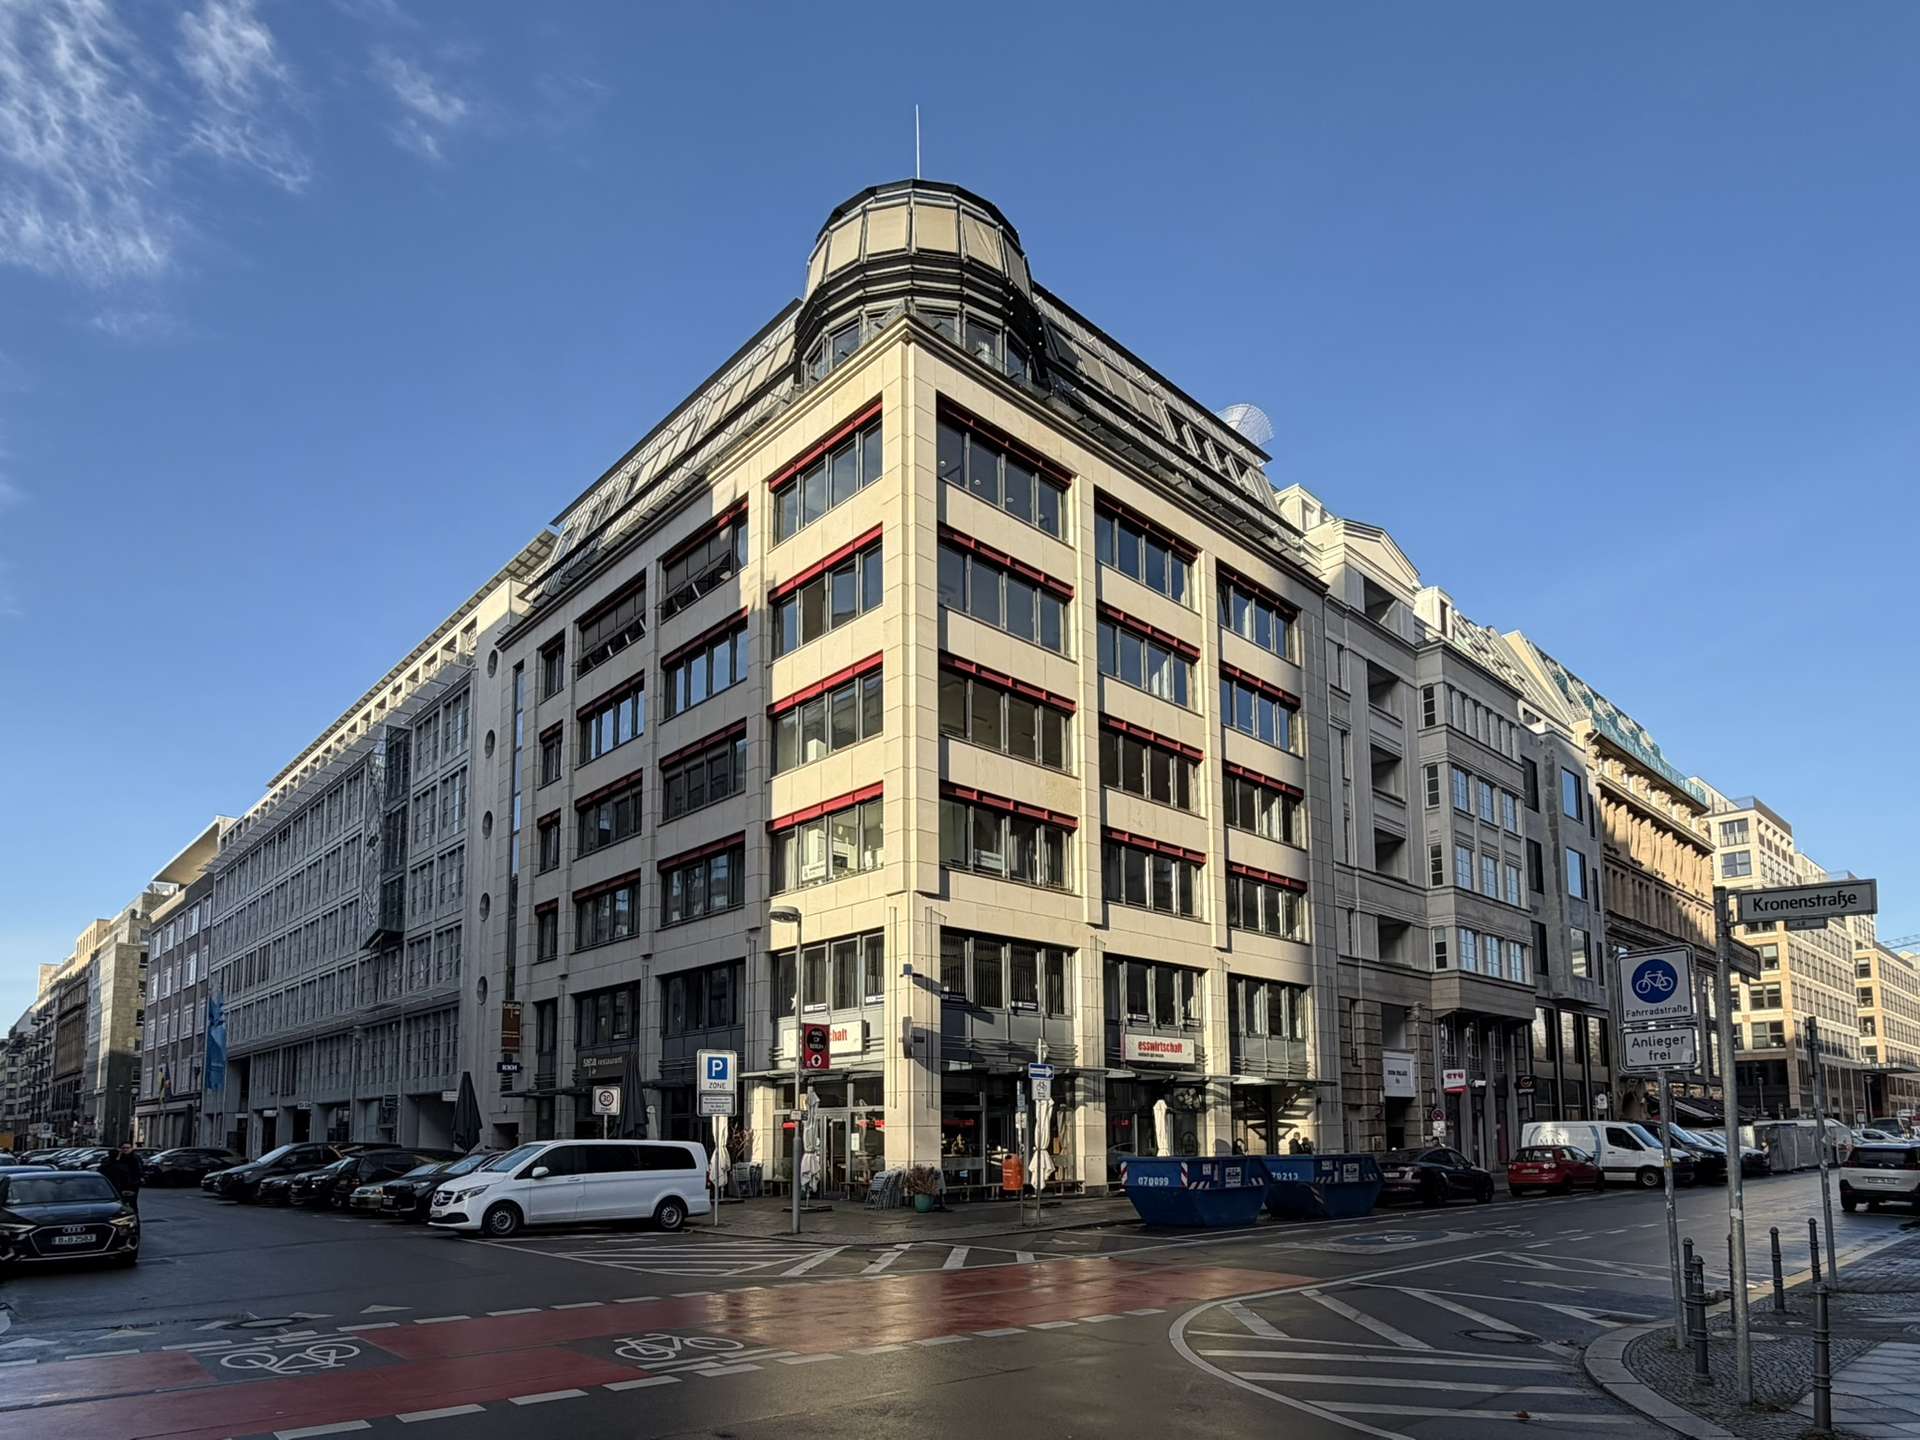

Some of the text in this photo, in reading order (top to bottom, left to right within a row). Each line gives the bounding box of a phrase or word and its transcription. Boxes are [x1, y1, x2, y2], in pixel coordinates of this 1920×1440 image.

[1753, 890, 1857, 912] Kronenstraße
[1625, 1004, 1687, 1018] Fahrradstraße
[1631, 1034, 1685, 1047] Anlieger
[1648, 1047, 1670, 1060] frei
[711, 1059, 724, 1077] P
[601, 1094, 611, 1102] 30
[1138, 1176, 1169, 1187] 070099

__________________________________________________

▶ Instructions to follow
Without the images, output all the entries exactly as they stand.

▶ Reply
Some of the text in this photo, in reading order (top to bottom, left to right within a row). Each line gives the bounding box of a phrase or word and its transcription. Boxes are [x1, y1, x2, y2], in pixel coordinates of this 1920×1440 image.

[1753, 890, 1857, 912] Kronenstraße
[1625, 1004, 1687, 1018] Fahrradstraße
[1631, 1034, 1685, 1047] Anlieger
[1648, 1047, 1670, 1060] frei
[711, 1059, 724, 1077] P
[601, 1094, 611, 1102] 30
[1138, 1176, 1169, 1187] 070099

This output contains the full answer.